**EXERCISE DETAILS**
Could you return all of the records exactly as they stand?

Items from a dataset
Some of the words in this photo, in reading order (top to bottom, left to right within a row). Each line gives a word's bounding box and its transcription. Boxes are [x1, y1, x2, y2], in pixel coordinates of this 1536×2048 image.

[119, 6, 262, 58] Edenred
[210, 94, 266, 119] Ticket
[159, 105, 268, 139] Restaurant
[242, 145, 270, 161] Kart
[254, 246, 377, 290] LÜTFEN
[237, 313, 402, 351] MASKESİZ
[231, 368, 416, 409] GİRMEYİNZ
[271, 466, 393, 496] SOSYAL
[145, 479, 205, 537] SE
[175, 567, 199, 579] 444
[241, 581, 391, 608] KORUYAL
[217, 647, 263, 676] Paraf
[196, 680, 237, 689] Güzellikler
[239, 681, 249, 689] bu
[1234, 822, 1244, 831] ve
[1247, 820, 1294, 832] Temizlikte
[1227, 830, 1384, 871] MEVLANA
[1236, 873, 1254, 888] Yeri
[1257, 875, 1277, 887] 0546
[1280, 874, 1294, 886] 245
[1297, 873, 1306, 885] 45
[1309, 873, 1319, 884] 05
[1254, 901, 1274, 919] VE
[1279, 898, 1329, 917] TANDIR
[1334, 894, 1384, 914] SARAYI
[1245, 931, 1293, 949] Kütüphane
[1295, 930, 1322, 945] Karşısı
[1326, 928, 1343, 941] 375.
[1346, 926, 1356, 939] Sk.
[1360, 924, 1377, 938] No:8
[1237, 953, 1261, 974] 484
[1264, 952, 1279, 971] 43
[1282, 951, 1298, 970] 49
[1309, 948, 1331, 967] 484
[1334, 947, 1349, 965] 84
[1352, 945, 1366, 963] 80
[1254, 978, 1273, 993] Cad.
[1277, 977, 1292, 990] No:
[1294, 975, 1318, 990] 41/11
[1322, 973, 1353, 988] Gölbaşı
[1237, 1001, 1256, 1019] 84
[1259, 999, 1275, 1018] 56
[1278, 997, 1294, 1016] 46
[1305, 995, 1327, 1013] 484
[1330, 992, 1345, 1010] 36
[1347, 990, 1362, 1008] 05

**SOLUTION FOR THIS EXERCISE**
Some of the words in this photo, in reading order (top to bottom, left to right within a row). Each line gives a word's bounding box and its transcription. Boxes are [x1, y1, x2, y2], in pixel coordinates of this 1536×2048 image.

[119, 6, 262, 58] Edenred
[210, 94, 266, 119] Ticket
[159, 105, 268, 139] Restaurant
[242, 145, 270, 161] Kart
[254, 246, 377, 290] LÜTFEN
[237, 313, 402, 351] MASKESİZ
[231, 368, 416, 409] GİRMEYİNZ
[271, 466, 393, 496] SOSYAL
[145, 479, 205, 537] SE
[175, 567, 199, 579] 444
[241, 581, 391, 608] KORUYAL
[217, 647, 263, 676] Paraf
[196, 680, 237, 689] Güzellikler
[239, 681, 249, 689] bu
[1234, 822, 1244, 831] ve
[1247, 820, 1294, 832] Temizlikte
[1227, 830, 1384, 871] MEVLANA
[1236, 873, 1254, 888] Yeri
[1257, 875, 1277, 887] 0546
[1280, 874, 1294, 886] 245
[1297, 873, 1306, 885] 45
[1309, 873, 1319, 884] 05
[1254, 901, 1274, 919] VE
[1279, 898, 1329, 917] TANDIR
[1334, 894, 1384, 914] SARAYI
[1245, 931, 1293, 949] Kütüphane
[1295, 930, 1322, 945] Karşısı
[1326, 928, 1343, 941] 375.
[1346, 926, 1356, 939] Sk.
[1360, 924, 1377, 938] No:8
[1237, 953, 1261, 974] 484
[1264, 952, 1279, 971] 43
[1282, 951, 1298, 970] 49
[1309, 948, 1331, 967] 484
[1334, 947, 1349, 965] 84
[1352, 945, 1366, 963] 80
[1254, 978, 1273, 993] Cad.
[1277, 977, 1292, 990] No:
[1294, 975, 1318, 990] 41/11
[1322, 973, 1353, 988] Gölbaşı
[1237, 1001, 1256, 1019] 84
[1259, 999, 1275, 1018] 56
[1278, 997, 1294, 1016] 46
[1305, 995, 1327, 1013] 484
[1330, 992, 1345, 1010] 36
[1347, 990, 1362, 1008] 05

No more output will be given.